JOSH PEARCE (17) is an academy level goalkeeper, aspiring to one day live out his dream and play professionally. His father, ANDY (43) a man of few words, struggles with expressing his emotions but has always maintained a close relationship with Josh through their joint passion for football. After a well-earned victory, Josh’s worst nightmare comes true as his gaffer, COACH DAVIS (59) tells him he’s no longer welcome at the academy, because Josh is gay.
As Andy waits for Josh to get changed, he is approached by Sandra, a mum of Josh’s good friend on the team, Louie. When she accidentally tells Andy the news that his son is gay, before Josh has the chance to tell him himself, it spirals a series of enraged and miscommunicated arguments; that cause Andy and his son’s relationship to deteriorate. Whilst Josh slowly becomes more confident with his new identity, he leaves behind his old one that rejected him, along with the glue that bridged the pairs' relationship together. Set in his ways, Andy tries to keep Josh’s dream alive whilst struggling to fix the relationship with his son, making him reflect on his personal priorities and learn how to communicate what he’s feeling or risk losing his son forever.
Orange Peel highlights some of the current issues that lie deep within some parts of the football community. Currently, there are no openly gay footballers at a professional level in the UK, but over 5,000 'heterosexual' professional players in the industry. Yet, there is estimated to be over 1.7 million openly LGB people in the UK, with the figure growing expeditiously each year as more people come out.* 7 in 10 football fans who've attended a match have heard or witnessed homophobia on the terraces.* Many think that this is what deters gay players from coming out or continuing their career professionally in football. This film intends to personalise these figures, enabling the audience to sympathise with a victim of homophobia and see the injustice it causes within football and within their personal life.
Orange Peel sets out to bridge the gap between differences in sexuality and the male professional football world. On that journey, we encounter a relationship between a father and son - a social-realistic slice of life and a relationship which embodies the film. As a director, I am striving for authenticity and deep emotional understanding. Navigating such a new and therefore difficult subject is equally exciting and challenging.
A raw and gritty style, the film captures the everyday with relatable costume and characters we all feel we have met before. The setting is familiar and that of a working-class area of the United Kingdom. The camera is fluid and free to move which allows you to follow the journey of the characters as if it was your own. Blue and beige dominate the colour palette, isolating the characters with wide angle lenses to support this feeling. The sound is dialogue heavy, yet awkward silences creep up on the characters when their communication issues emerge. Editing is clean and the cuts match what you want to see, when you want to see it - again, almost like you are living through the characters.

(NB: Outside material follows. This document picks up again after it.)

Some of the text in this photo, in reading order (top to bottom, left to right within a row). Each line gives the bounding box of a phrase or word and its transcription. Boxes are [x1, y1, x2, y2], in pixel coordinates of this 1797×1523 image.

For the cinematography we're drawing inspiration both from social realist films such as 'Kes' (1996, Loach, K) and 'Ratcatcher' (1999, Ramsay, L), as well as intimate LGBT dramas like 'Moonlight' (2016, Jenkins, B) and 'God’s Own Country' (2017, Lee, F). As the film is set in Britain but deals with quite a sensitive subject matter, we believe this is the best way to go about telling the story. The visual style will be very much grounded in reality, utilising lots of muted colours and handheld shots to draw the audience in as much as possible and make everyone feel the strong emotions Josh and Andy are experiencing.
In terms of the world building in this is film, it is very reserved in the ways of staying close to realism, this is not a grandiose film in terms of Production Design but we intend to visually illustrate the characters as well as support the tones of the scenes these spaces feature in. That comes down to knowing the characters, knowing the script and then putting forward a plan to help fill the background of the narrative.

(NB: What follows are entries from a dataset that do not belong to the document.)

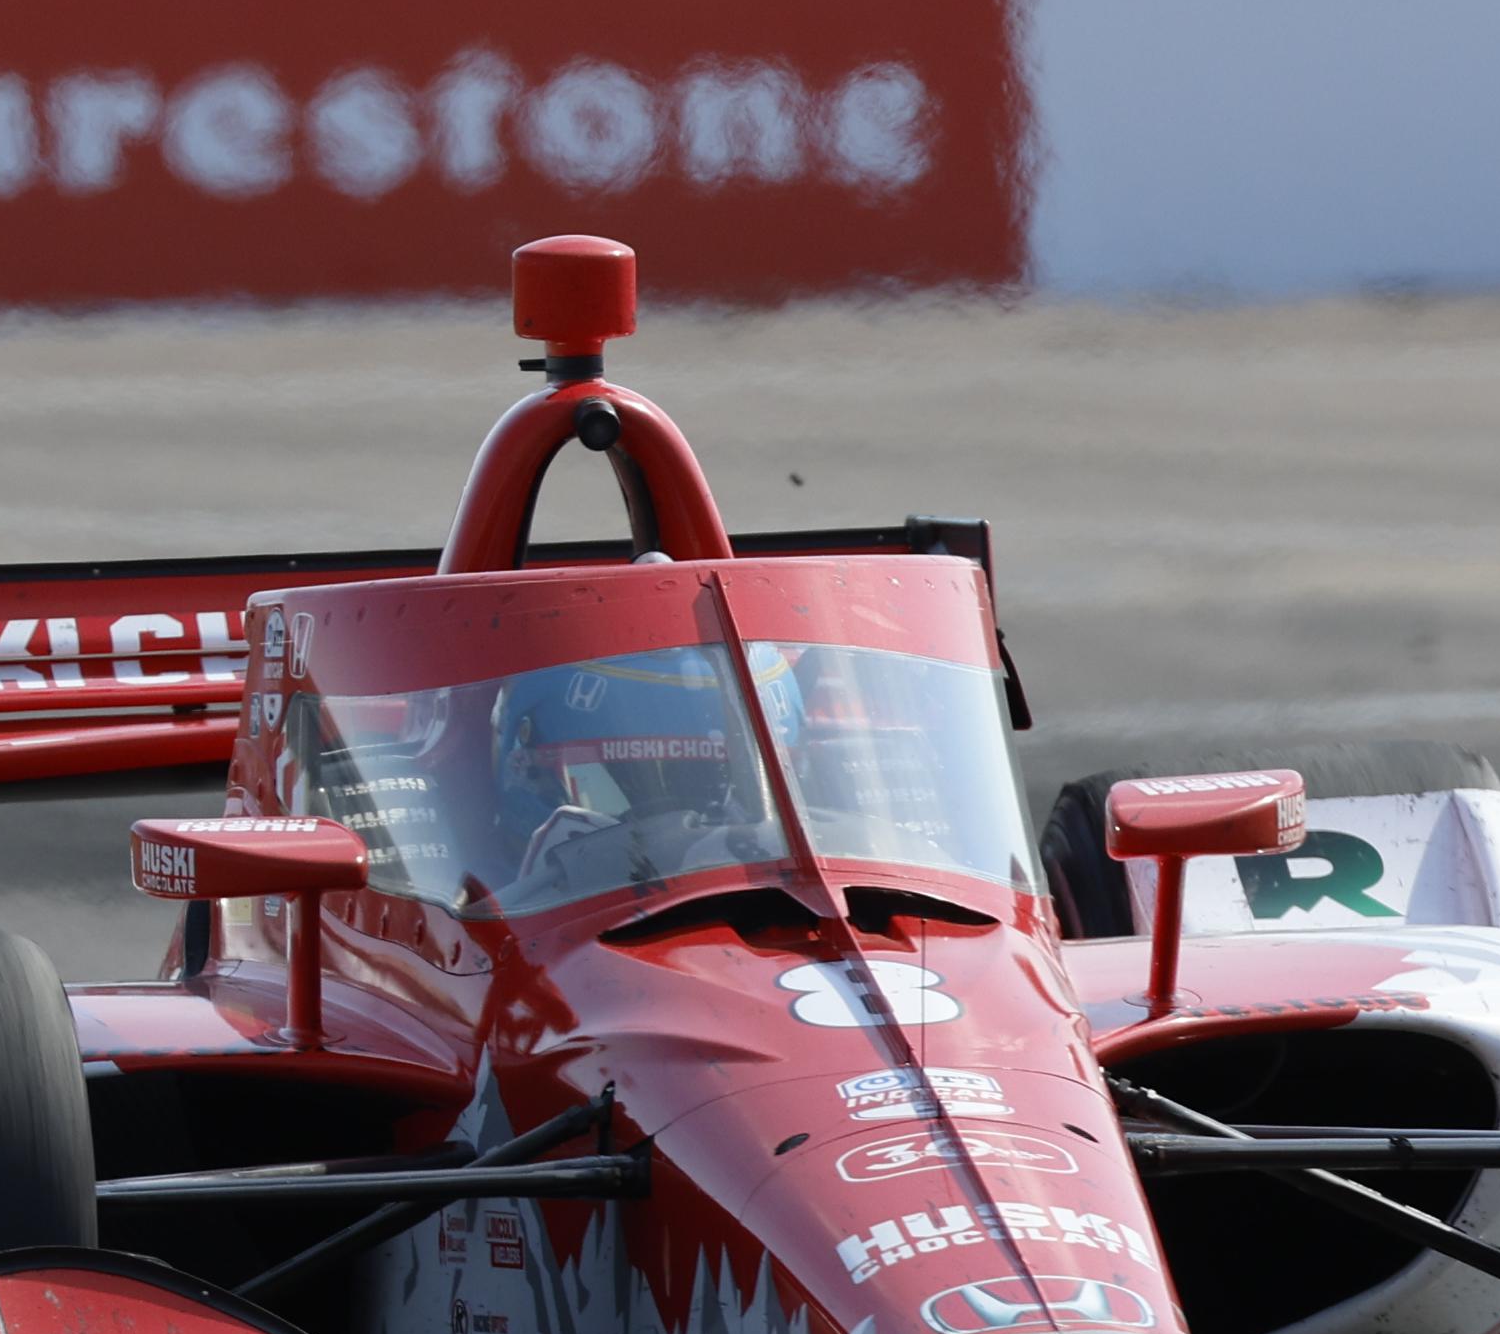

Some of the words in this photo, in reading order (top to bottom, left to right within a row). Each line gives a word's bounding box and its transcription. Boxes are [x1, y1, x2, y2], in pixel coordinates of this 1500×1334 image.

[603, 741, 665, 760] HUSKI
[141, 841, 196, 876] HUSKI
[141, 873, 196, 895] CHOCOLATE
[774, 959, 966, 1028] 8
[836, 1201, 1158, 1274] HUSKI
[850, 1227, 1158, 1285] CHOCOLATE

Andy is a trades person who is a massive football fan. It’s been something he has grown up with his entire life from youth and has been a means of recreation and socialisation. As is typical with the demographics of a trades person, they are a person of habit and routine and care for practicality over aesthetics. This should be seen in the spaces he occupies. His van will function purely to fulfil his needs at work and get him from A to B and his living room and kitchen will be a means for him to put his feet up and relax. They won’t be designed in an elegant way, as Andy will only see the need to put thought into the things that matter to him. This will also pronounce the lack of a feminine presence in the home as Josh’s parents are separated. This will be seen in prop choices, such as basic black photo frames and minimal decoration on bookshelves and counters. Despite being fairly bland, the house will be kept in a pretty good condition considering only 2 people occupy the space. Andy cares very much about his son’s well being, and would hence care about the space's they both share frequently.

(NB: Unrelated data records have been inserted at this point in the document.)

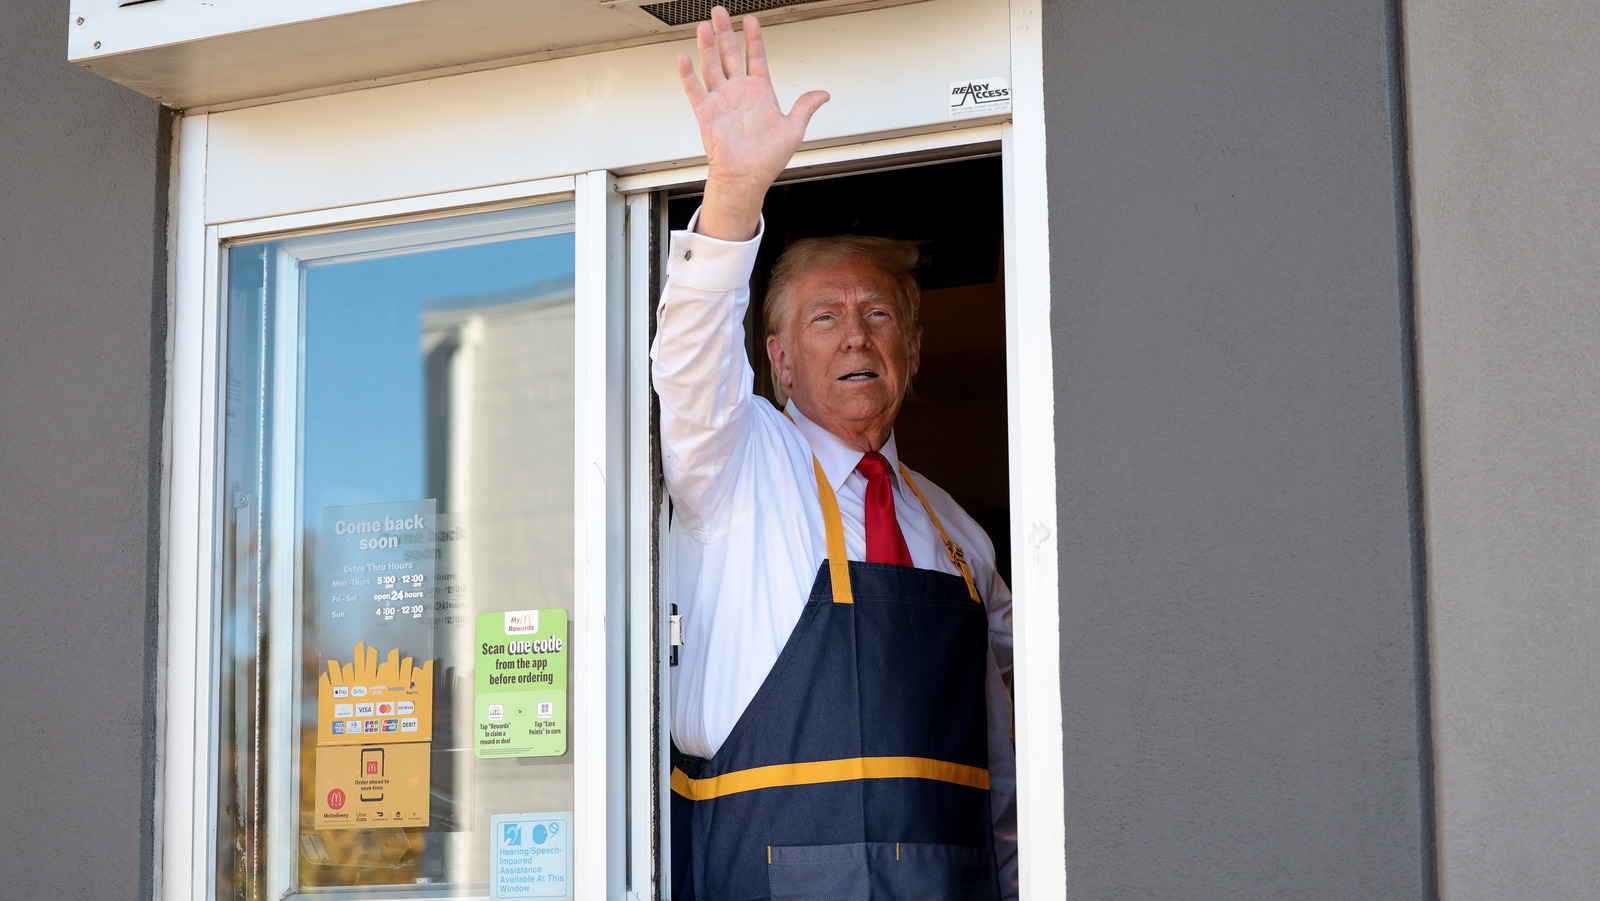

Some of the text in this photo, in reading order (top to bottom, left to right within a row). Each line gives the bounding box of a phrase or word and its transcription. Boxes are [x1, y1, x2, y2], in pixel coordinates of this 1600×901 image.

[952, 82, 989, 101] READY
[335, 514, 424, 535] Come back
[359, 536, 398, 550] soon
[344, 562, 413, 573] Drive Thru Hours
[377, 576, 396, 584] 5:00
[401, 574, 424, 583] 12:00
[374, 593, 390, 601] open
[390, 590, 403, 600] 24
[401, 605, 424, 614] 12:00
[482, 634, 562, 655] Scan one code
[496, 658, 547, 670] from the app
[489, 671, 553, 685] before ordering
[480, 723, 488, 731] Tap
[500, 857, 533, 866] Impaired
[500, 866, 542, 875] Assistance
[500, 876, 535, 884] Available
[547, 874, 564, 882] This
[500, 885, 530, 893] Window

This will juxtapose Andy’s Van. The back will be full to the brim with tools and trade supplies that are in an unordered heap in the back of the van. The front having useful things Andy would frequently use on site; a thick coat, a high vis jacket, road maps, a deluxe colour booklet, nails, screws and other small bits and pieces as well as some football dash ornaments and some tacky bumper stickers on the back of the van. This space will need to look as uncomfortable as possible to look at for the viewer as it is uncomfortable for Josh to sit through the ride home when he is dismissed from the club.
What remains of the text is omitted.